Since 2025 the organisation has been claimant in a judicial review against Peterborough City Council over the council's decision to sell the freehold of the building to the United Kingdom Islamic Mission (UKIM) which plans to redevelop it as a mosque and Islamic community centre.

==History==
The temple was established at the New England Complex, a former school building on Rock Road, in 1986. The temple was established by families who were ousted by Ugandan dictator Idi Amin. It is registered with the Charity Commission for England and Wales. The charity's governing constitution was adopted on 15 November 1974, and the charity itself was formally registered on 24 October 1977.

=== Community and activities ===
The temple functions both as a place of worship and wider community hub, running social and educational activities during the week, including a lunch club for elderly member and charity outreach work. It shares its site with several other tenants. In January 2024, several hundred worshippers gathered at the temple to mark the consecration of the Ram Mandir in Ayodhya, India.Press estimates the temple serves around 13,000 to 14,000 people approximately.

=== Governance ===
Bharat Hindu Samaj is classified by the Charity Commission under religious activities, the provision of building and services, and charitable purposes benefitting people of a particular ethnic or racial origin. For the financial year ending 31 March 2025, it reported total income of £159,699 and expenditure of £69,766 with 17 trustees and 17 volunteers.

== Legal dispute ==

=== Background ===
Peterborough City Council, the freehold owner of the site, decided to sell the property to help reduce its debts. Bharat Hindu Samaj, a long-standing tenant, had been in negotiations with the council over the site since 2011 and tabled a bid of £1.3 million to buy it outright. In December 2025, the council's cabinet selected an undisclosed preferred bidder instead. This decision was formally "called in" for scrutiny the following month on the grounds it had been made without enough information and referred back to cabinet. The cabinet met again on 10 February 2026 and voted to proceed with the sale, while saying it would help the temple find alternative premises. Court documents later seen by the BBC confirmed the buyer to be Khadija Mosque, part of the United Kingdom Islamic Mission.

=== Judicial review ===
On 27 February 2026, Mr Justice Fordham of the High Court's Administrative Court (King's Bench Division) granted an interim injunction preventing the council from taking or encouraging any other party to take, any "irreversible step" toward disposing of the site while litigation proceeded. The order named the council as defendant and Majid Khadijah/ the Islamic Centre of Khadijah Mosque as interested parties. The council said it would engage with the legal process; a mosque spokesperson said it would not be appropriate to comment on the detail while proceedings continued, adding that its focus remained on "acting responsibly, supporting community cohesion, and working constructively with the council and all affected parties."

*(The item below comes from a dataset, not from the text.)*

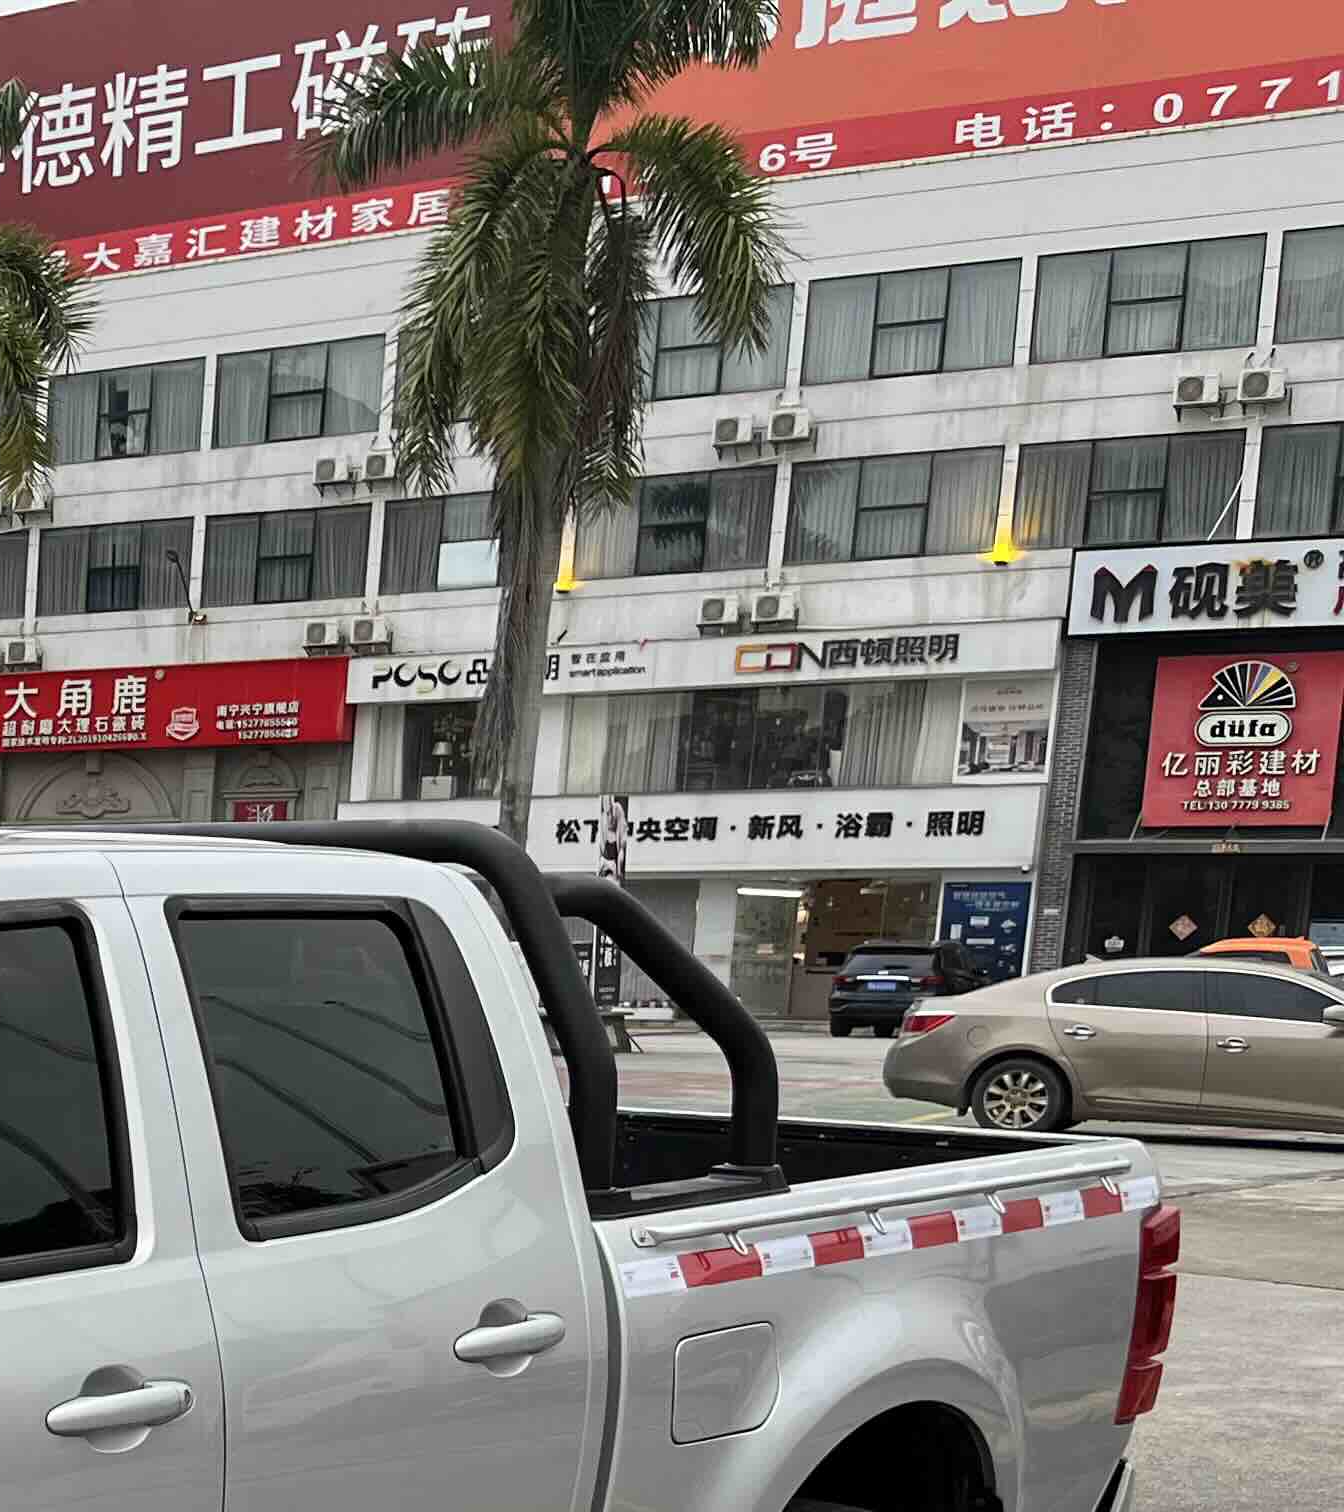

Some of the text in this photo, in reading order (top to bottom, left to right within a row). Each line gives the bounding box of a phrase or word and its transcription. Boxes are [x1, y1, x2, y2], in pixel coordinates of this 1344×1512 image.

The case proceeded before Mr Justice Morris in the High Court. At a hearing beginning around 10 June 2026, counsel for the temple, Toby Fisher argued the council's process contained "significant flaws" in officers' reasoning and that the cabinet's subsequent adoption of the decision amounted to an unlawful delegation of the bidding decision and that council breached the Equality Act 2010 given the "dramatic impact" losing the temple would have on the Hindu community, which had no alternative premises, compared with UKIM's roughly 40 centres and 60 branches nationally. Counsel for the council, Catherine Rowlands, argued there was no evidence councillors had been misled or that any unlawful delegation of powers occurred, and that the temple's arguments "lack merit and ought to be dismissed". A further court order dated 7 July 2026 noted that the case had "already attracted media attention and the attention of members of the public." The hearings concluded on 16 July 2026, and the judgment remains reserved.